Mais cela signifie également le maintien et le développement de l’activité productive, jusqu’au centre de la Métropole, dans des quartiers multifonctionnels pour battre en brèche l’ultra spécialisation des territoires, avec ces quartiers de tours sans habitant ou cités résidentielles sans commerce ou activité économique. Cela impose également de concevoir des grands équipements en dehors de la ville-centre et de les positionner dans les autres pôles.

Bref, à la force centrifuge de la suraccumulation capitalistique, nous opposons la force centripète de l’équilibre territoriale et de la justice sociale. Car la ville n’est pas à vendre.

En effet, la ville n’est pas un produit ; c’est un centre de production.

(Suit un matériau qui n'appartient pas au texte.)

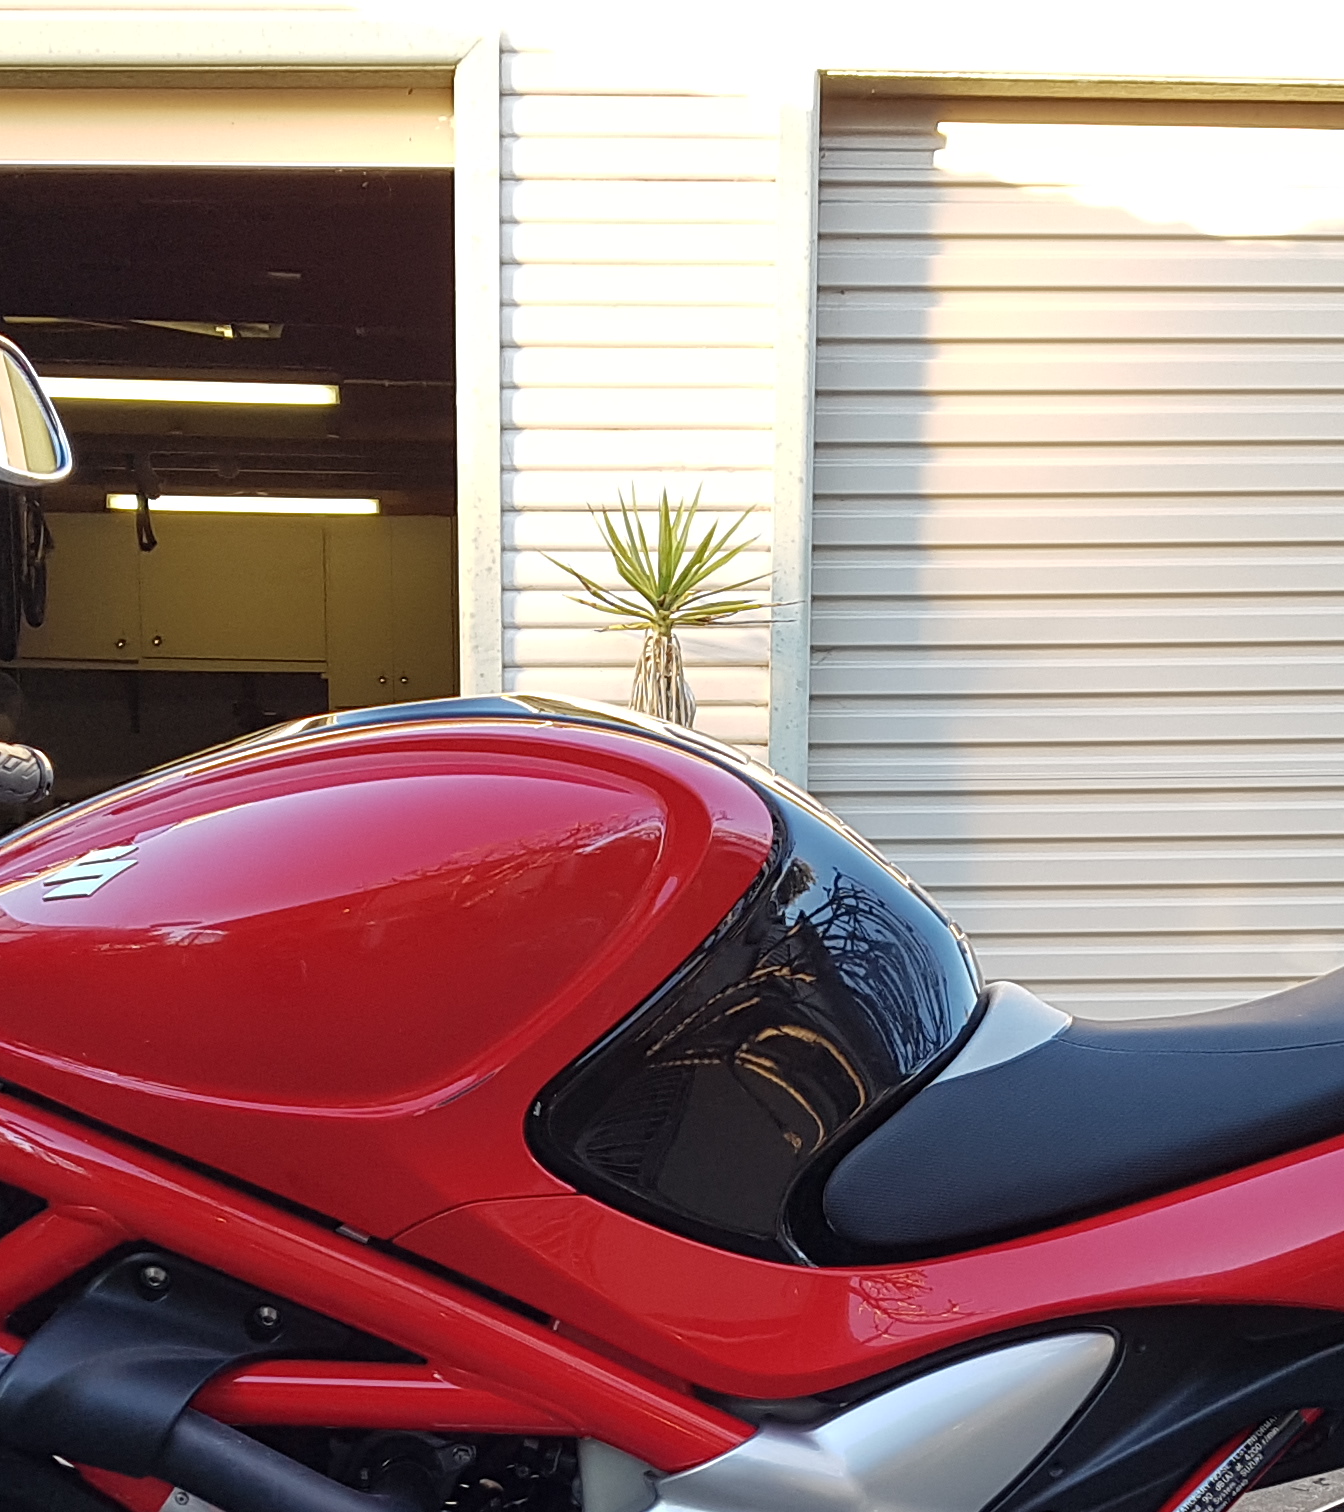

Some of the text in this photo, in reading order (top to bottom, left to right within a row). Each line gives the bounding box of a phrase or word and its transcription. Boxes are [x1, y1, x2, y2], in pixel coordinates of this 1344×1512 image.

[1201, 1492, 1213, 1504] 90
[1234, 1462, 1243, 1471] at
[1243, 1442, 1263, 1462] 4200

Ainsi, devons-nous développer les outils permettant de lutter contre le sur-tourisme, en maîtrisant notamment l’offre de meublés de tourisme, ceux-là même qui participent à la crise du logement. Lutter également contre la spéculation foncière des grands fonds d’investissement -qui identifient la ville comme une rente au rendement alléchant- et les grandes opérations commerciales, dont l’Hôtel-Dieu est le symbole par excellence. Déconcentrer l’implantation du tertiaire vers les nouvelles centralités urbaines et limiter l’implantation des grandes écoles privées, qui ne font qu’accroître la tension sur le marché foncier.

Mais c’est aussi soutenir et développer l’appareil de production de la Métropole -y compris de l’industrie « lourde », y compris dans le tissu urbain.  Dans l’immédiat, et j’alerte, c’est de tout faire pour maintenir l’activité de JTEKT à Irigny.  C’est un sujet de portée national, mais la Métropole de Lyon n’est pas une île ; elle s’inscrit dans un ensemble régional et national.

En effet, la richesse de notre agglomération vient aussi du travail des salariés extérieurs, ce qui implique une nécessité de coopération et de réciprocité avec les territoires voisins -de plaine de l’Ain, du Nord-Isère, de la Loire -ou, plus simplement, du Beaujolais. D’où, notamment, le besoin de mettre en œuvre le SERM (Services express régionaux métropolitains) que nous appelons tous de nos vœux.

Par ailleurs, Lyon n’a pas vocation à aspirer toutes les entreprises à haute valeur ajoutée des villes voisines. Il s’agit, là encore, de travailler les équilibres territoriaux en bonne intelligence, à rebours de « l’attractivité et de la compétitivité des territoires ».

Et si la Métropole n’est pas un territoire insulaire, il n’empêche qu’elle doive développer ses équipements portuaires, ainsi que le fret ferroviaire, et les combiner à la logistique de proximité. Le port Edouard Herriot, la plateforme de Vénissieux-Saint Priest, les gares de triage de Sibelin et Saint-Germain sont, ainsi, des équipements stratégiques, au même titre que le CFAL (Contournement ferroviaire de l’agglomération lyonnaise) -sud, singulièrement- ou les accès français au Lyon-Turin.

Pour autant, ces objectifs ne seraient être accomplis sans la création d’outils nouveaux. Le SCoT ne peut pas, à lui seul, transformer le territoire. Dès lors, se pose la question de l’indispensable maîtrise publique du foncier et de lutte contre le renchérissement des prix. Il y a, là, sujet à des évolutions législatives et de sérieuses augmentations de moyens financiers.

L’encadrement des loyers est un des outils qui permet d’atténuer l’envolée des prix des loyers et, donc, de la gentrification de la ville. L’expérimentation a prouvé son utilité. Il s’agit d’inscrire la loi dans la durée, au-delà de décembre 2026. J’encourage donc chaque formation politique à voter la loi déposée, en ce sens, au Sénat par mon excellent camarade Ian Brossat.

Par ailleurs, il y a nécessité à définir une organisation démocratique des filières économiques et industrielles, car l’économie est chose trop sérieuse pour la laisser aux seules mains des acteurs privés. La socialisation des moyens de production est, bien sûr, la solution idoine, mais je crois qu’il reste encore un peu de monde à convaincre.

En tout état de cause, vous l’aurez compris, nous vous enjoignons à voter le SCoT.